Wild Burros Suffer Injury and Death Due to Roundup

Wild burro populations are in trouble due to massive and brutal roundups.

Utah is home to the Sinbad herd management area (HMA ) consisting of close to 100,000 acres. It’s covered with a variety of trees and grasses with water available from springs, reservoirs and the San Rafael River.

The HMA is managed by the Bureau of Land Management (BLM). This HMA is home to a burro population of just over 328 animals. However, the BLM has determined that the Appropriate Management Level (AML) for these burros should be between 50 and 70.

The BLM targeted a removal of about 300 burros with a plan to possibly release 20 jennies who would be given GonaCon, which has not been tested as a fertility control vaccination for wild burros.

The BLM’s claim for this mass removal was to prevent unnecessary degradation of the public lands. Meanwhile the BLM permits hundreds of privately-owned cow/calf pairs to graze inside and outside the HMA during each year.

The Roundup Results

The BLM’s contractor struggled to capture the 153 burros it did, which begs the question of whether the population of over 300 burros was overestimated.

Wild burros don’t respond to being chased by helicopters in the way that wild horses do. Wild burros usually freeze or scatter while wild horses tend to stay in their bands while being chased into the trap. During this roundup, about 40 burros who did not respond to the helicopter ended up being roped by the wranglers on horseback with some horrendous results.

Over the first three days, the helicopters captured large numbers of burros (over 120) including young foals and heavily pregnant jennies.

Observers saw at least two burros go down after being roped.

Tragically, a young jack died near the end of the roundup. A report on the roundup by the BLM indicated: a “7 year-old male sustained a spinal cord injury after falling into a 5-foot drainage ditch he was trying to jump during gather operations.” A BLM official arrived and shot him about 30 minutes later.

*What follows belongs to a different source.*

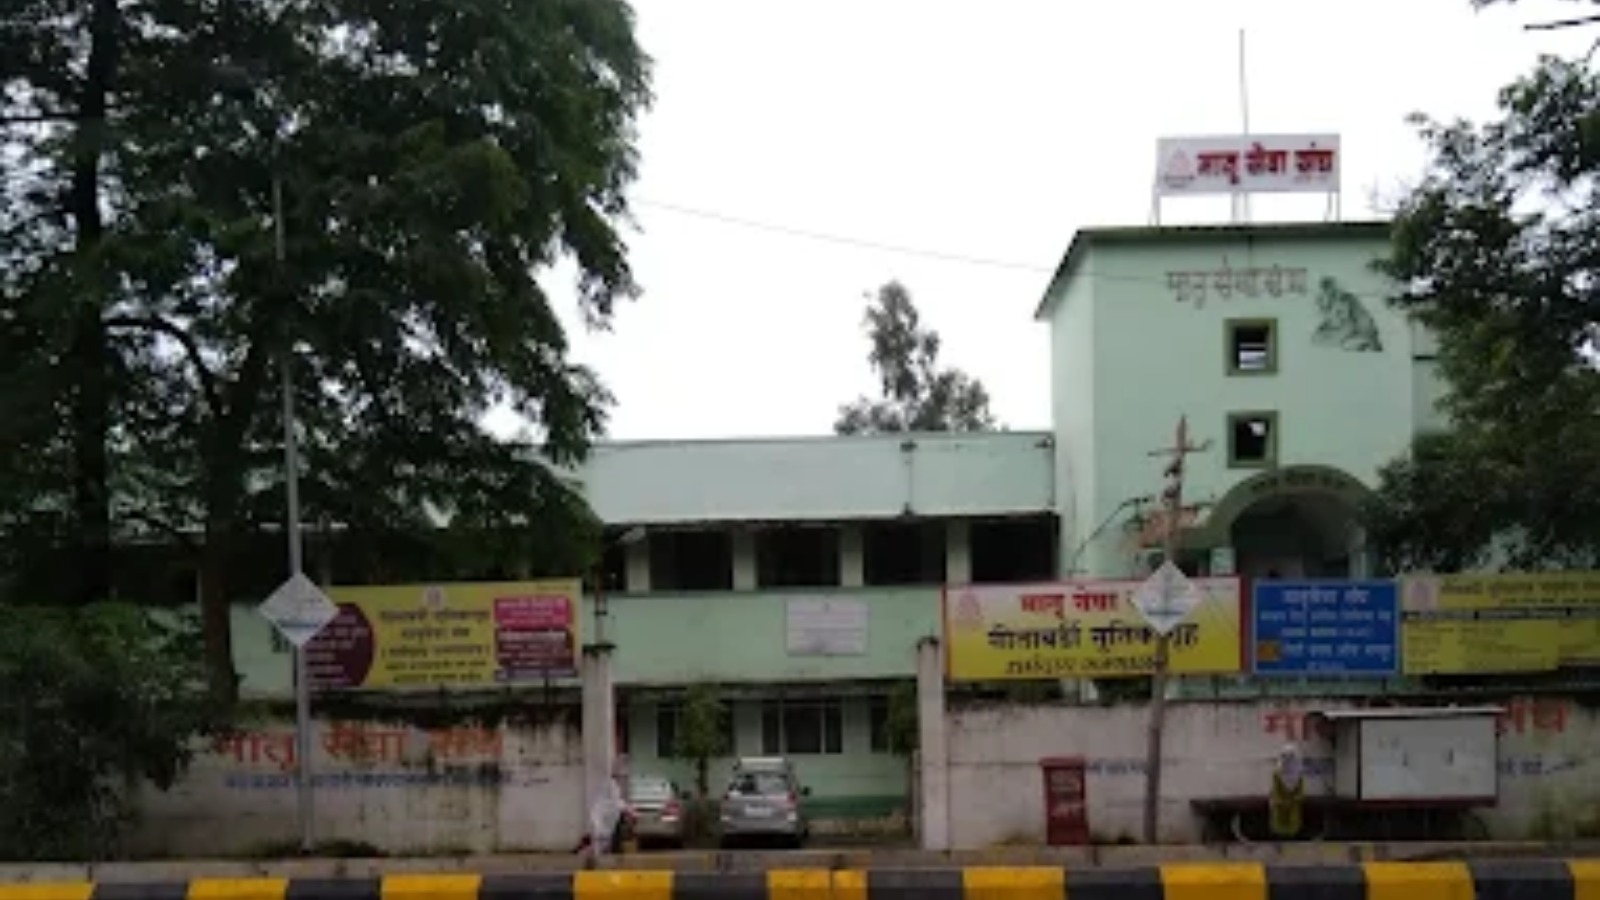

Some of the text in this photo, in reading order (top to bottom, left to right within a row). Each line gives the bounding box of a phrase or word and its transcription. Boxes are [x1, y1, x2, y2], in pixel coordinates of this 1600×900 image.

Because the contractor didn’t capture the 300+ burros targeted for removal, bait or water trapping will begin on the Sinbad HMA in late summer or fall.

This roundup used excessive and reckless roping as well as reports of captured burros on trailers for hours with no water which are violations of the BLM’s Comprehensive Animal Welfare Program (CAWP).

In 2013, the National Academy of Sciences’ report on the BLM’s Wild Horse and Burro Program stated that wild burro populations were low and fragmented. It recommended “no removals” in order to prevent inbreeding and to maintain genetic viability.